Here's how Jen describes the inspiration behind her project:
It started very innocently. I was just trying to take a self portrait, and when I saw what my face looked like I said to myself (out loud) "I don't like my face today." So I grabbed a sharpie and scribbled it out. "There, much better. Hmmmmm. This feels kind of good." Ok, let me stop you right there. I don't hate myself, or my face for that matter, I just didn't like it yesterday. It happens, right? Then I remembered that I had another photo of myself where I didn't like the way my mouth looked, so I scribbled on that one, too. And then it hit me. Finally, something to do with all those "reject" polaroids I've been holding onto for years. The ones that got jammed in the camera, or yellowed in certain places, or the ones where I just didn't like my face. So I dug them up and just started writing the first thing that came to my mind. As if I was explaining the photo to someone else. Well, I couldn't stop. I even dipped into a couple of non-rejects.
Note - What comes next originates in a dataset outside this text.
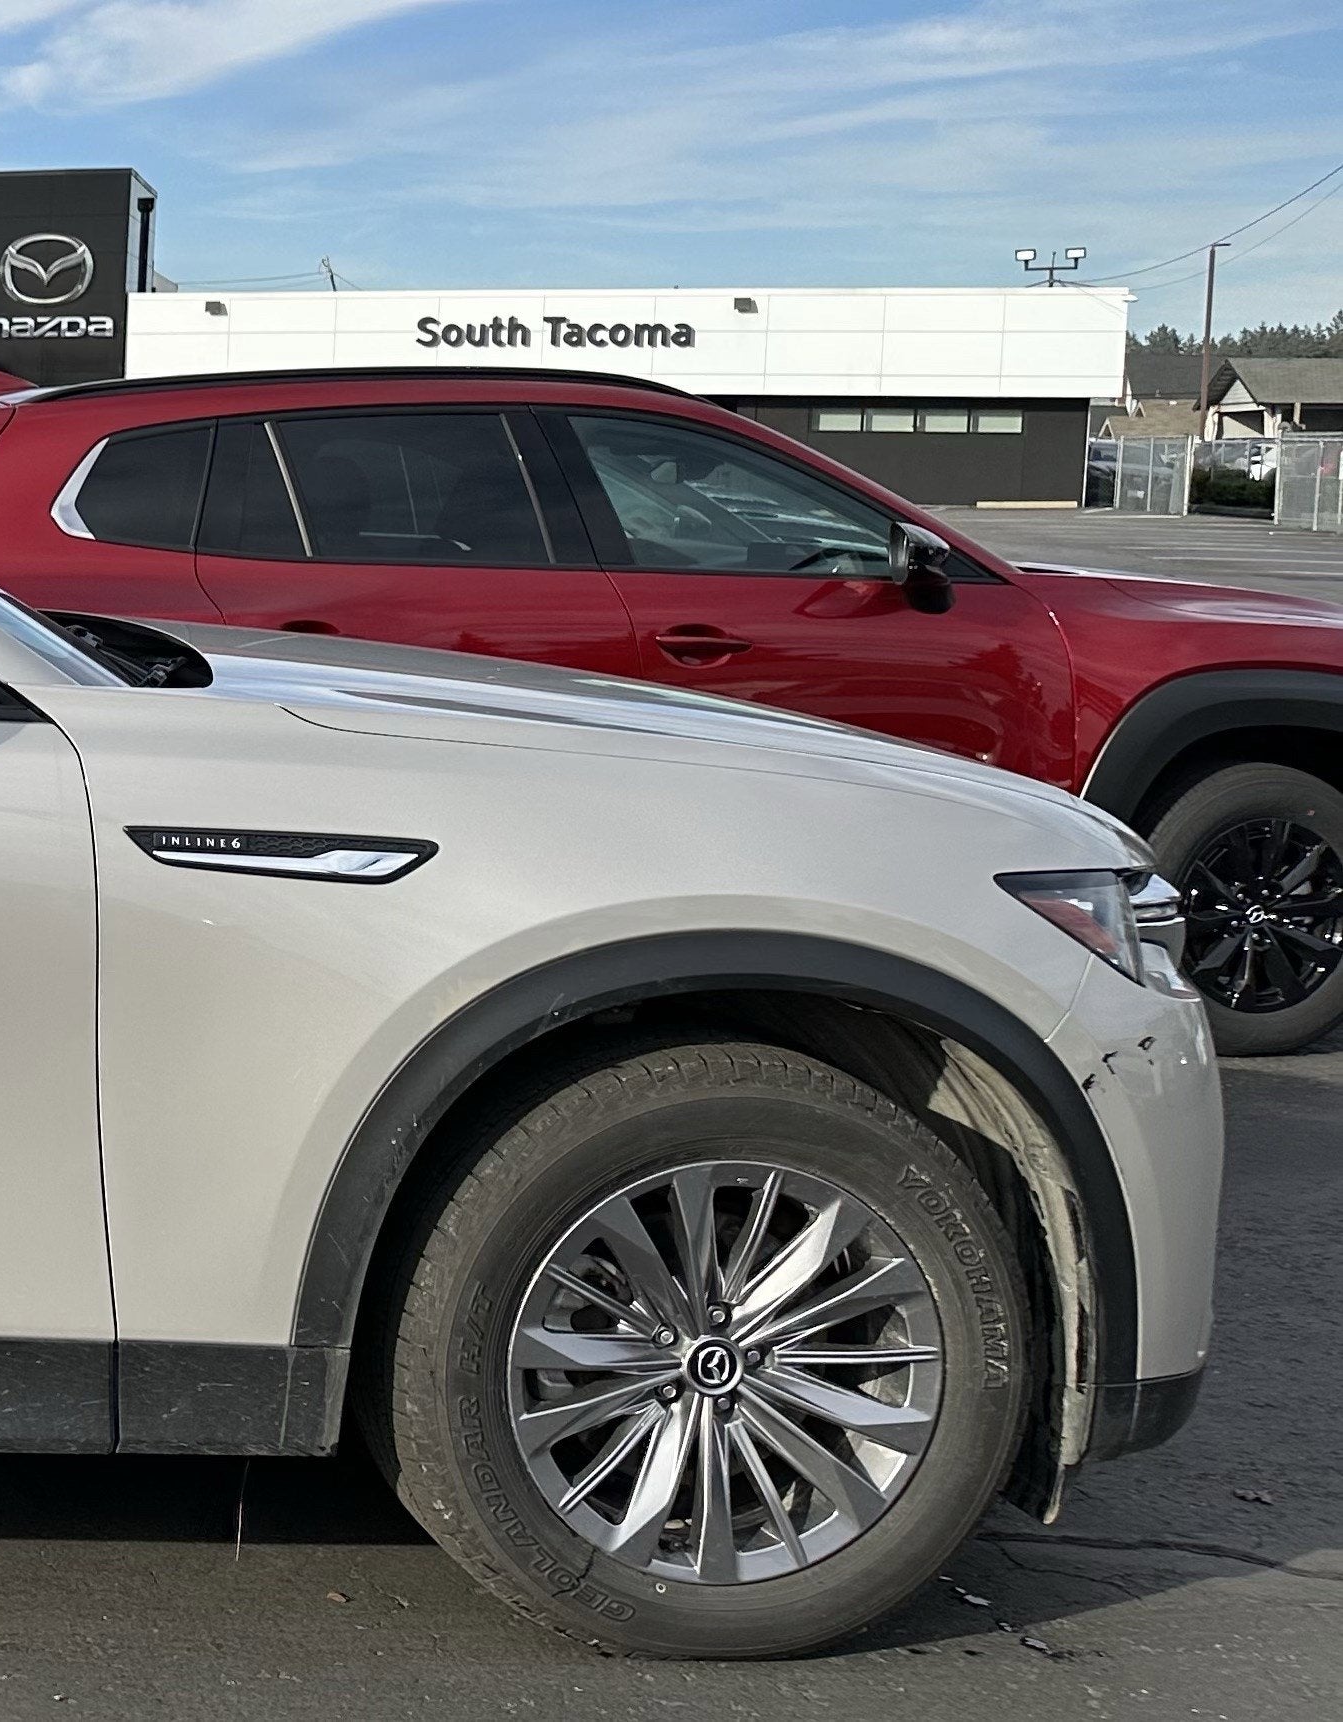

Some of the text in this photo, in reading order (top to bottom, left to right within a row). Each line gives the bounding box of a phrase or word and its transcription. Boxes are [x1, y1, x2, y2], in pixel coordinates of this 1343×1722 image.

And, since I wasn't liking my face, I took some more self portraits and scribbled on them. Defacing is fun, and it brings some emotion to photos that weren't very, well, emotional. I hope you like what I have done so far.
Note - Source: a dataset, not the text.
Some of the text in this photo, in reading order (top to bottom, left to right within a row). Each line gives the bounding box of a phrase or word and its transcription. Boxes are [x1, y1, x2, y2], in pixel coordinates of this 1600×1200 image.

When Andrew came home last night and saw what I was doing he said,
"Why did you draw all over your face?"
I said,
"I didn't like, uh, you wouldn't understand."
He probably would understand, but I think he likes my face everyday (as husbands should), so maybe he wouldn't.

My friend Chris emailed me. I think he thought I might be suicidal because of how blue I have been feeling. I told him that wasn't the case, I was just inspired. He's a good friend.
There are more of Jen's photos under the cut )

I also made these images into icons. If you take any icons, please credit [community profile] oursecret & Jen Gotch in your keywords/comments.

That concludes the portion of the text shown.